This is an interventional device feasibility trial for Depression focused on measuring Depression, Depressed, TMS, Transcranial Magnetic Stimulation

Eligibility Criteria

18 Years - 65 Years (Adult, Older Adult)All SexesDoes not accept healthy volunteers

Inclusion criteria List

  1. Depressive disorder Diagnostic Statistical Manual of Mental Disorders, fourth Edition, Text Revision (DSM-IV-TR).
  2. MADRAS score of 26 or above and history of depression, as defined by meeting DSM-IV criteria for major depression, dysthymic disorder, or substance-induced mood disorder.
  3. Male or female aged 18 to 65.
  4. Females who are not pregnant or nursing.
  5. Individuals able to provide informed written consent and are able to comply with study procedures.
  6. Subjects who have received or are receiving anti-depressant medication.
  7. Patients who are depressed as assessed by the above criteria and have not had optimum response to their antidepressant medication in their current episode.

Exclusion criteria List

  1. Any Axis I diagnosis that, in the opinion of the investigators, may interfere with the course of the trial.
  2. Any current diagnoses of alcohol abuse or dependence.
  3. Any current substance use disorder.
  4. Medical or neurological illness that in the investigators judgment would make study compliance difficult or would be a contraindication for use with TMS.
  5. Currently receiving any medication that markedly increases the risks for seizures, for example: tricyclic antidepressants, INH, meperidine, lidocaine, and clozapine.
  6. Subjects who have implanted metallic devices or non-removable metallic objects in or around the head that can be magnetized, however metal fillings, braces, and dental implants are acceptable.
  7. Subjects who have implanted devices that emit physiological signals including cardioverter defibrillators (ICDs), and vagus nerve stimulators.
  8. Subjects who have received any investigational drug during the prior 30 days.
  9. Clinically significant abnormal lab values as assesses by the Investigator.
  10. Risk for suicidal behavior based on clinician assessment and a score of greater than 5 on the suicidal thought item of the MADRS or a score of 4 on the suicide item of the Hamilton Depression rating scale.
  11. Subjects who have had a serious suicide attempt in the past year as assessed by the Investigator.
  12. Current other somatic antidepressant therapy, i.e. vagus nerve stimulation, electroconvulsive therapy, or phototherapy.
  13. Started psychotherapy in the past 30 days.

Sites / Locations

  • Boston Medical Center

Arms of the Study

Arm 1

Arm Type

Other

Arm Label

Depressed outpatients treated with TMS

Arm Description

This a 12- week study (1-4 week screening, 6 weeks treatment, 2 weeks follow-up) outpatient open label clinical trial.
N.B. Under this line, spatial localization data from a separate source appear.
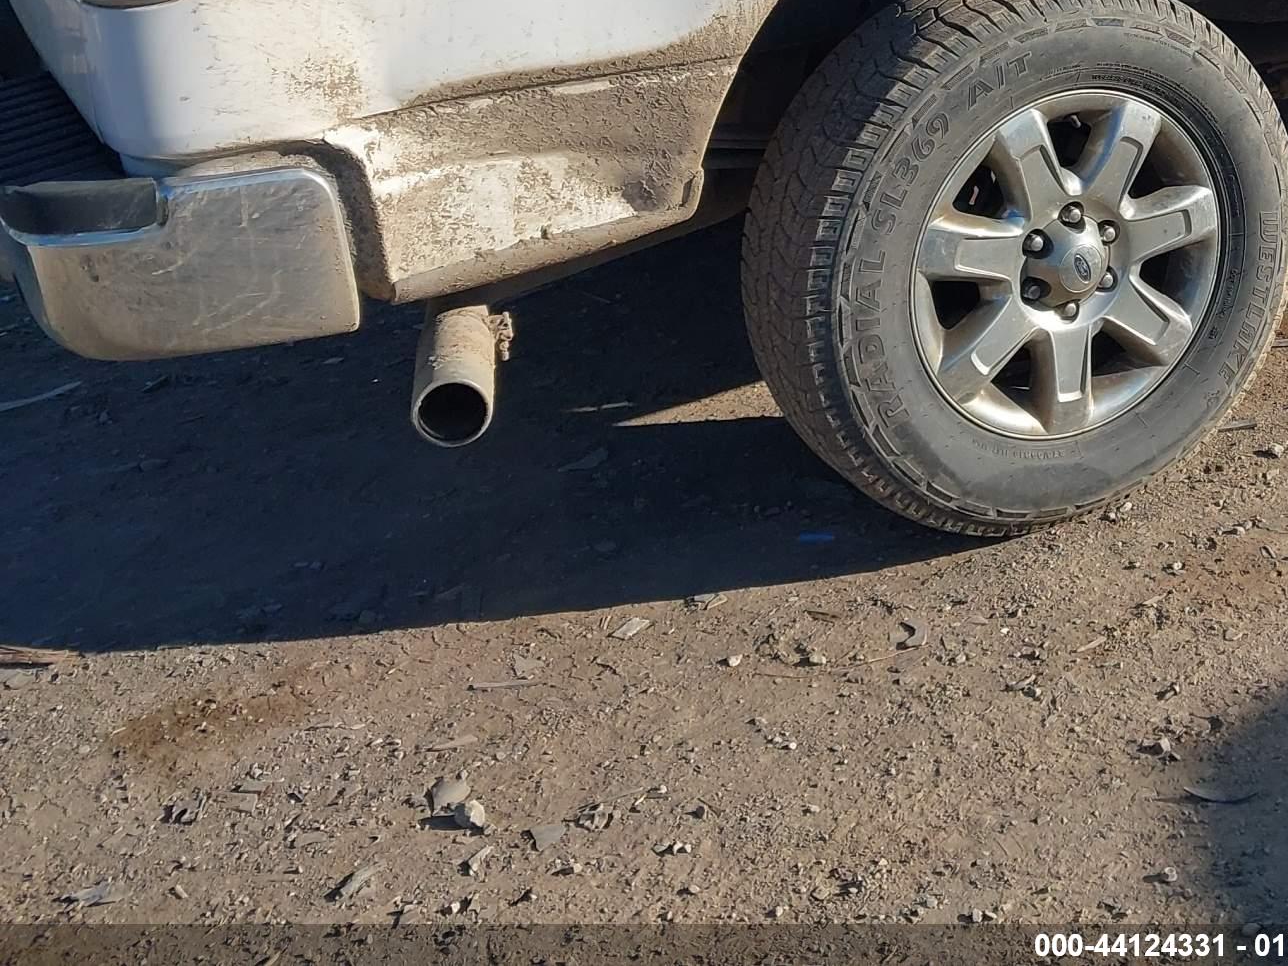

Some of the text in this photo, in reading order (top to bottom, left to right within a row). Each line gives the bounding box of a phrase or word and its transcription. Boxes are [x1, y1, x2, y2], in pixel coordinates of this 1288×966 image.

[855, 51, 1032, 428] RADIAL SL369 A/T
[1219, 211, 1280, 385] WESTLAKE
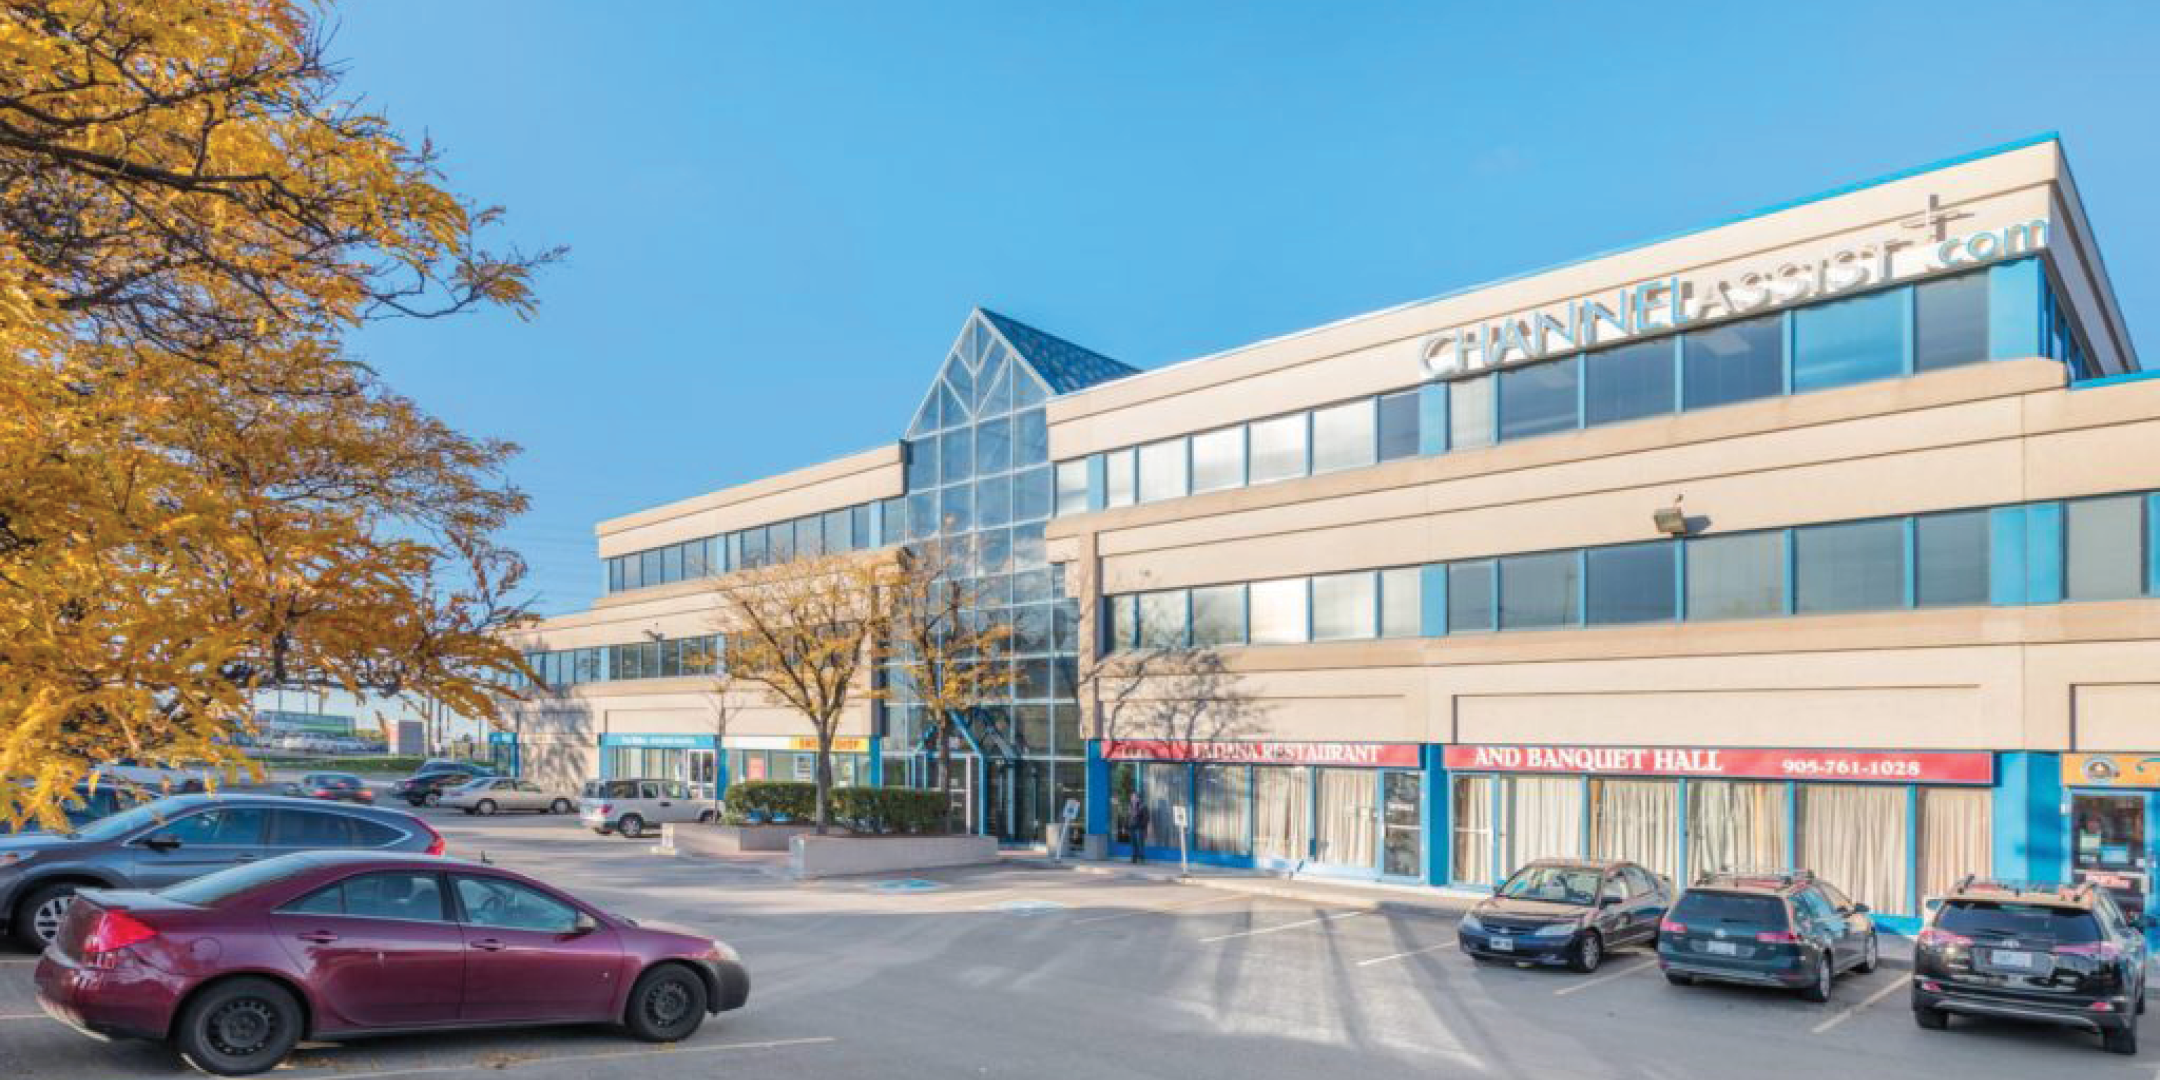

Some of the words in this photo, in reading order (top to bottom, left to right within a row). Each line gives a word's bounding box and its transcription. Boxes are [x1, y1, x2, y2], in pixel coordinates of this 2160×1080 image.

[1418, 276, 1688, 378] CHANNEL
[1263, 742, 1384, 764] RESTAURANT
[1475, 747, 1521, 767] AND
[1526, 748, 1647, 771] BANQUET
[1653, 749, 1722, 771] HALL
[1782, 759, 1920, 775] 905-761-1028
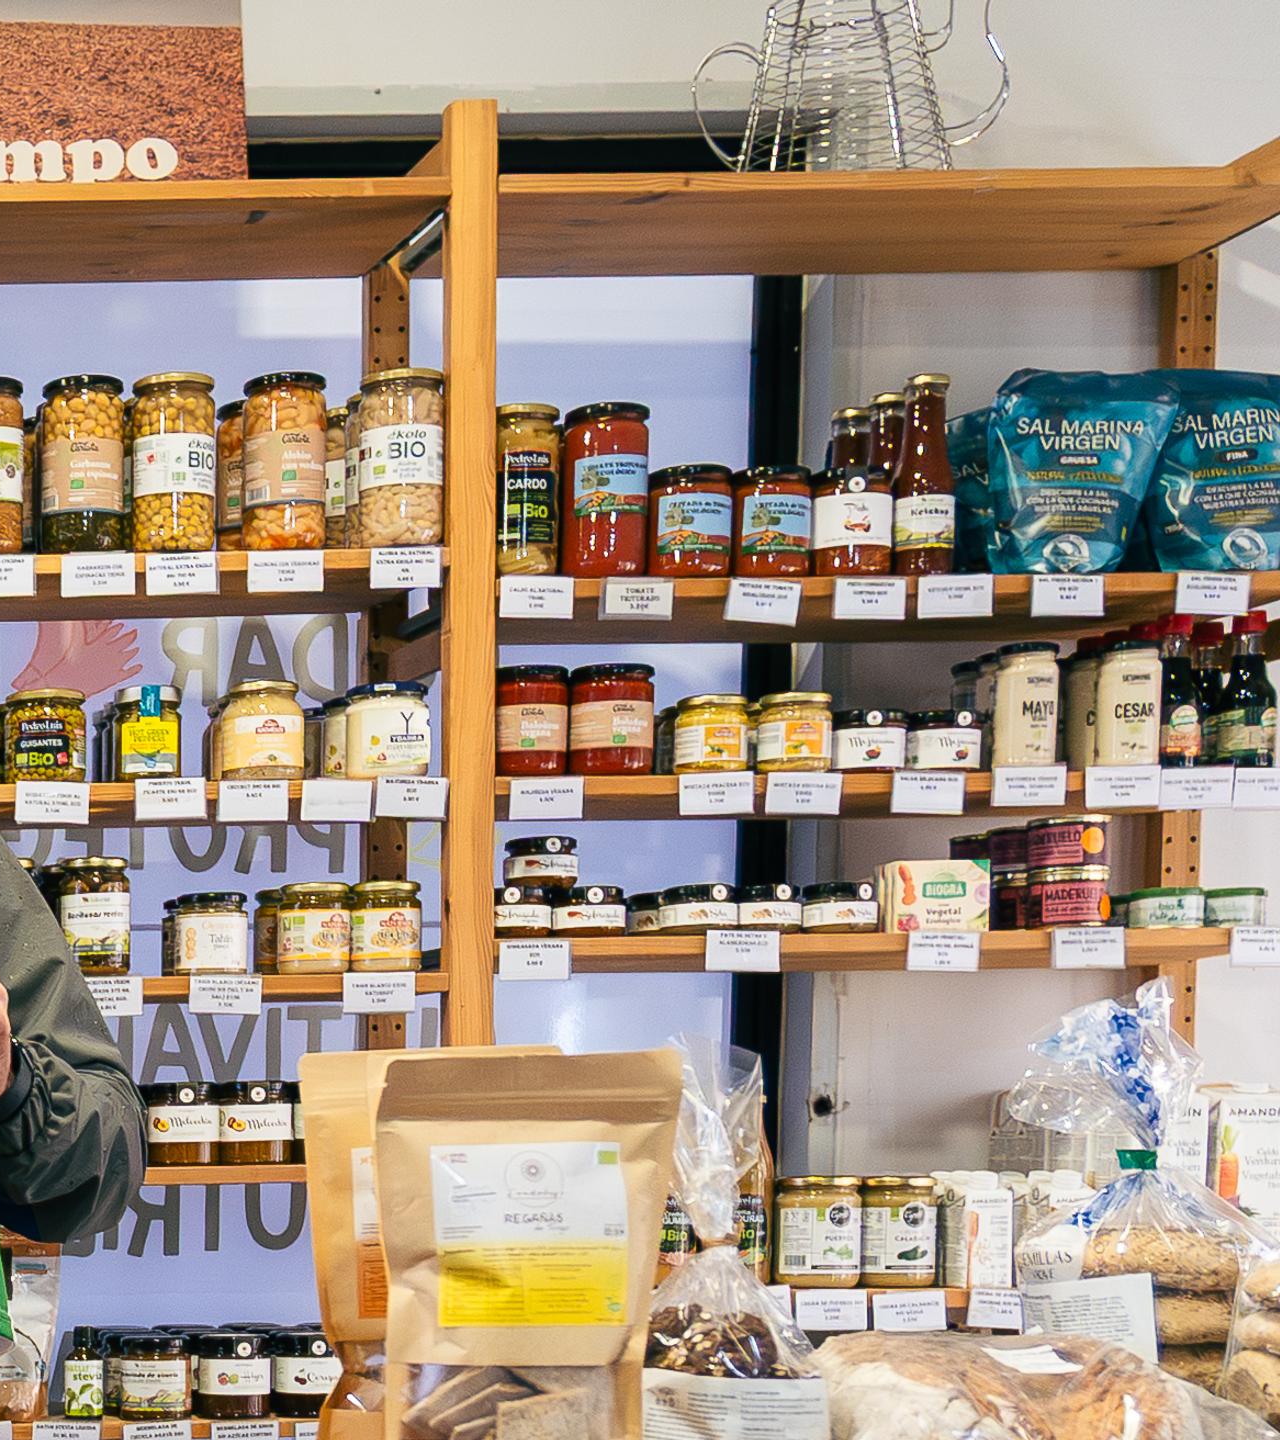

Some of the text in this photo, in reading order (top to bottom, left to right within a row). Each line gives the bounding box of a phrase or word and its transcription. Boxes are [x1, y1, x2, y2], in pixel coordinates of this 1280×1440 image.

[1016, 417, 1146, 437] SAL MARINA
[1171, 413, 1209, 434] SAL
[1039, 434, 1122, 452] VIRGEN
[1193, 426, 1275, 451] VIRGEN
[388, 440, 427, 460] BIO
[1225, 450, 1249, 461] FINA
[188, 451, 214, 470] BIO
[507, 477, 547, 490] CARDO
[1022, 700, 1055, 717] MAYO
[1114, 702, 1155, 720] CESAR
[20, 738, 64, 749] GUISANTES
[925, 906, 962, 917] Vegetal
Twenty-five subjects diagnosed with depression with a Montgomery Asberg Depression Rating Scale (MADRAS) score of 26 or higher, will be enrolled into this trial, up to fifty subjects will be consented. Transcranial Magnetic Stimulation (TMS) will be administered to subjects 5 days a week for 6 weeks. Near infrared spectroscopy (NIRS), a spectroscopic method that uses the near infrared region of the electromagnetic spectrum (from about 700 nm to 2500 nm), will be used to assess blood flow in the brain.

Outcomes

Primary Outcome Measures

The correlations between EEG cordance or task-induced changes in frontal total Hb levels
The primary outcome will be the correlations between EEG cordance or task-induced changes in frontal total Hb levels and changes in MADRAS scores between baseline and the last treatment day. Correlations between these measures will be determined between other cordance and total Hb levels obtained after the first week of treatment and MADRAS changes for the last day of treatment. Similar analyses will be conducted for changes in MADRAS scores between baseline and the follow-up visit.
Changes in MADRAS scores between baseline and the last treatment day
The primary outcomes will be the correlations between EEG cordance or task-induced changes in frontal total Hb levels and changes in MADRAS scores between baseline and the last treatment day. Correlations between these measures will be determined between other cordance and total Hb levels obtained after the first week of treatment and MADRAS changes for the last day of treatment. Similar analyses will be conducted for changes in MADRAS scores between baseline and the follow-up visit.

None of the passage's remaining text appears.